También en los 80 encontré el tai chi y, con estas prácticas, logré encontrar equilibrio en mi vida. El zen, con su énfasis en el vacío y la aceptación de la realidad sin resistencia, encuentra un paralelo en el tai chi, donde los movimientos fluyen sin interrupción, sin forzar ni bloquear la energía. En la meditación zen, uno aprende a soltar pensamientos y expectativas; en el tai chi, se aprende a moverse sin rigidez, siguiendo la corriente natural del cuerpo y la energía. Mientras el zen se asocia a la quietud y el tai chi al movimiento, ambos buscan la misma integración del cuerpo y la mente. La postura en zazen y los movimientos en tai chi requieren relajación sin colapso y tensión sin rigidez, un equilibrio que permite la estabilidad y la fluidez simultáneamente.
El zen es una rama del budismo, pero ha recibido fuertes influencias del taoísmo, especialmente en su énfasis en la naturaleza y la espontaneidad. El tai chi, aunque surge como un arte marcial interno, también se fundamenta en principios taoístas como el Wu Wei, la acción sin esfuerzo. Ambos comparten la idea de que la verdadera maestría surge cuando se deja de forzar y se permite que las cosas sucedan naturalmente. El control de la respiración es crucial en ambas disciplinas.
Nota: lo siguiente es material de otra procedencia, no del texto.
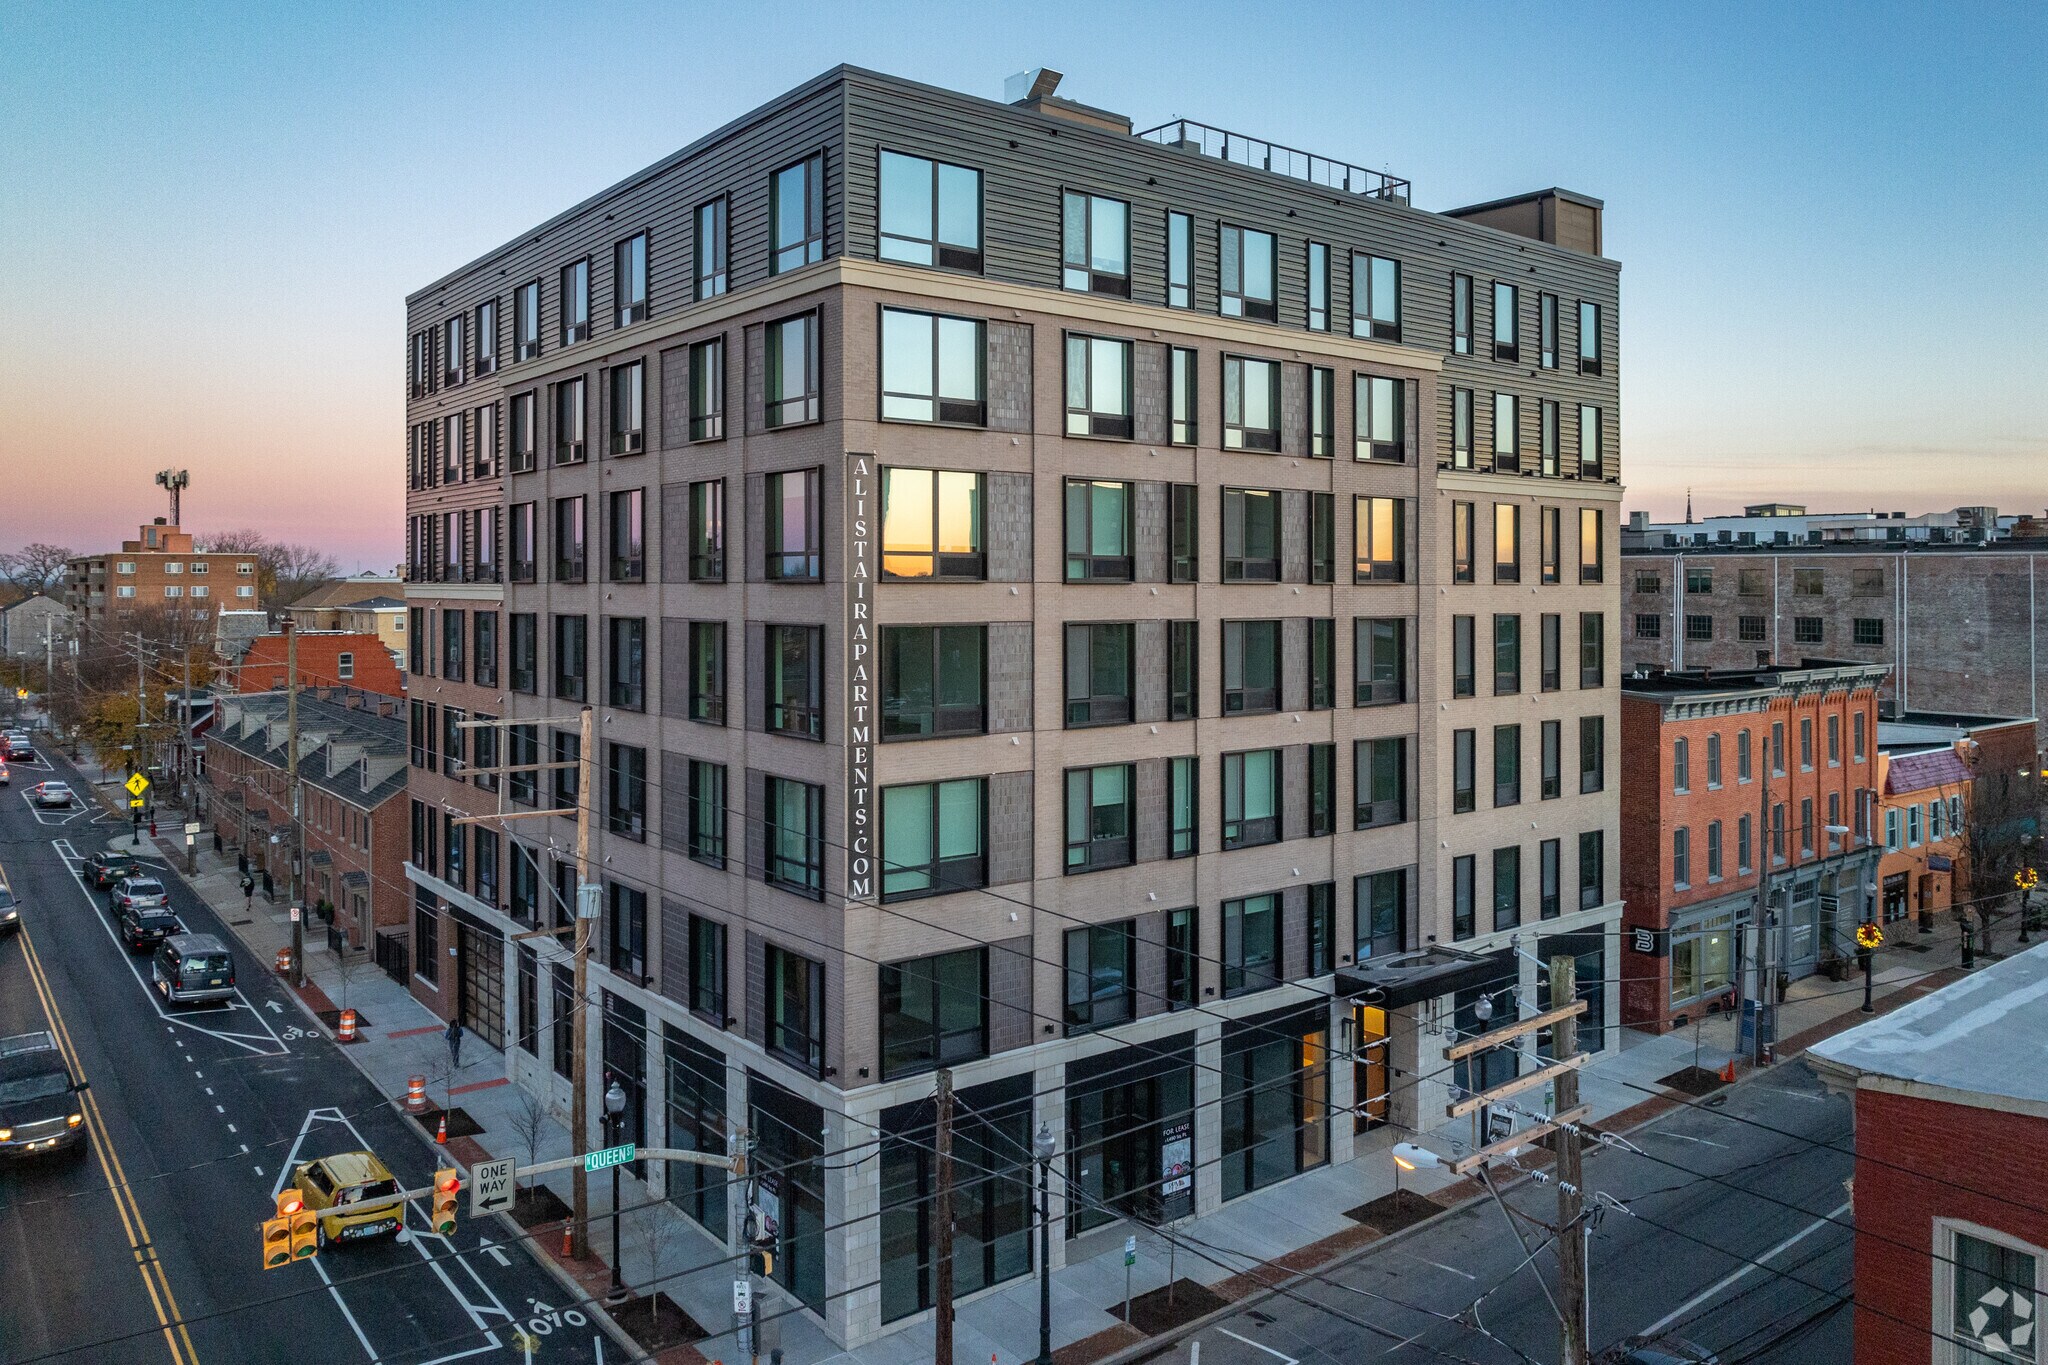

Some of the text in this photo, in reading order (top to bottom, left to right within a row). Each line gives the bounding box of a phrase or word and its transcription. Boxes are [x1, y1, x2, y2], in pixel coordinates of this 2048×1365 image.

[1163, 1123, 1190, 1136] FOR LEASE
[586, 1145, 633, 1169] N QUEEN ST
[481, 1163, 507, 1180] ONE
[480, 1178, 507, 1195] WAY
En el zen, la respiración es un ancla para la mente. En el tai chi, la respiración coordina los movimientos y permite la circulación de la energía vital, el “qi”. En ambas prácticas, la respiración no es solo un acto físico, sino un vehículo de transformación interna.
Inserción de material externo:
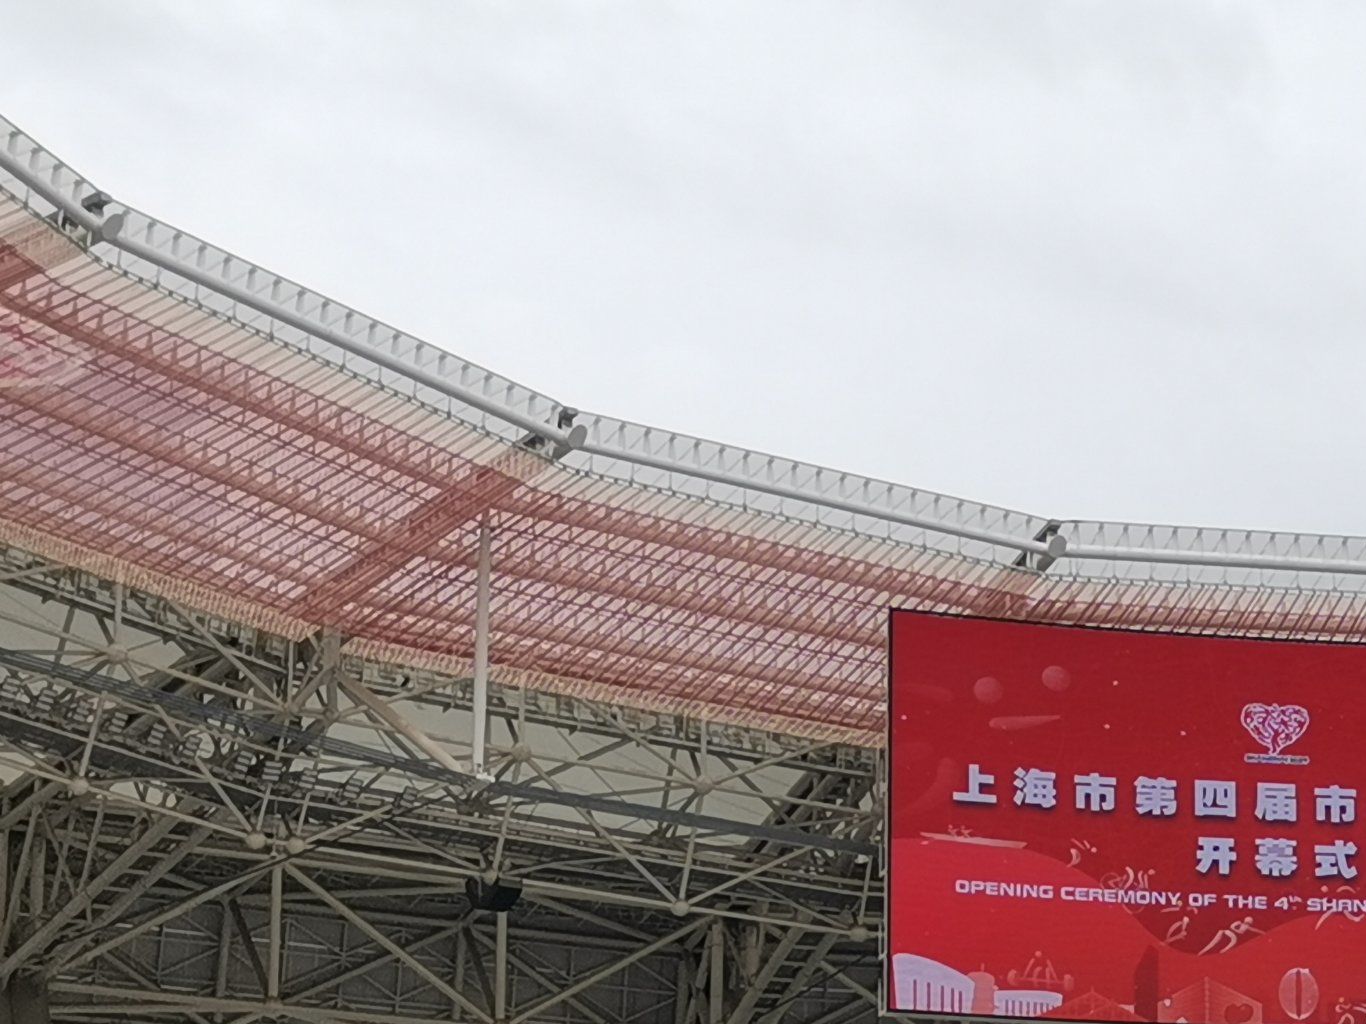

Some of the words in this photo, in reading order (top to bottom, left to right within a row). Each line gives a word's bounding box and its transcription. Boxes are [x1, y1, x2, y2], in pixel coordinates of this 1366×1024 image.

[1196, 836, 1358, 879] 开幕式
[955, 879, 1054, 899] OPENING
[1060, 886, 1181, 905] CEREMONY
[1188, 893, 1217, 907] OF
[1223, 893, 1268, 910] THE
Volviendo a la práctica de Shinrin-yoku, y su anclaje sintoísta, los espíritus divinos, los “kami” habitan en los árboles, las montañas, los ríos y el viento. Practicar Shinrin-yoku en un bosque es, en cierto sentido, adentrarse en un santuario vivo, donde cada árbol es un ser con su propia energía. Esta concepción recuerda también al concepto budista de interconexión; la idea de que todos los seres y elementos estamos vinculados en una red de existencia mutua. El taoísmo ha enfatizado durante siglos la necesidad de alinearse con el flujo natural del Dao, la fuerza universal que impregna toda la existencia. En este contexto, sumergirse en el bosque sin prisas, dejando que los sentidos capten los sonidos, aromas y texturas del entorno, es una manera de armonizar con ese flujo y permitir que la mente y el cuerpo se recalibren o se recarguen, como yo suelo decir, cuando me preguntan que por qué voy al bosque tan a menudo.
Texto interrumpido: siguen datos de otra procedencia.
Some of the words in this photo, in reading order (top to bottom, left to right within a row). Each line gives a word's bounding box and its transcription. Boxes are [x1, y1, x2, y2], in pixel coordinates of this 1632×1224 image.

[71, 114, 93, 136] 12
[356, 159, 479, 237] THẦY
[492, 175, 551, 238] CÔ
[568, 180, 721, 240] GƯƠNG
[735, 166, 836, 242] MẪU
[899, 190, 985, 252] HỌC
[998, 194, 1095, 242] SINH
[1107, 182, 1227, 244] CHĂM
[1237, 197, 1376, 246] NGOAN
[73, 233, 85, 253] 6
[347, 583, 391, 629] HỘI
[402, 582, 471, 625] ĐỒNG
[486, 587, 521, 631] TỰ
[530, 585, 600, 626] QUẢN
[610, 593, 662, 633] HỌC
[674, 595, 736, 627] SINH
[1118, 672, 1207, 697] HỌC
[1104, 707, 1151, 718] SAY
No se trata simplemente de caminar por el bosque, no. Para que funcione, hay que hacerlo con plena atención y receptividad. Como ahora mismo, que voy caminando y algunos copos de nieve caen a mi alrededor y sobre mi rostro. siento cómo la nieve toca mi rostro con suavidad, un frío ligero que no molesta, sino que refresca. La nieve cae con una delicadeza casi irreal, flotando en el aire antes de posarse sobre las ramas, el suelo y mi ropa. Cada copo es un pequeño instante de efímera belleza. El sonido del bosque cambia. Se vuelve más apagado, como si la nieve amortiguara cada ruido, y envuelve el paisaje en un silencio casi sagrado. Mis pasos crujen levemente sobre la fina capa de nieve reciente, mientras el aire frío llena mis pulmones con una pureza que despierta todos mis sentidos. Observo cómo los copos se acumulan en las agujas de los pinos, cómo el viento los lleva en pequeños remolinos antes de dejarlos caer de nuevo. Todo parece ralentizarse. No hay prisa. Solo el bosque, la nieve y yo, compartiendo un momento de quietud absoluta. Es una sensación de plenitud, de calma profunda, como si el mundo entero estuviera respirando conmigo al mismo ritmo, envuelto en la belleza silenciosa del invierno. Una sensación que está al alcance de todos. Y, aunque parece mentira, en este mundo tan comercializado, no cuesta nada, es completamente gratis.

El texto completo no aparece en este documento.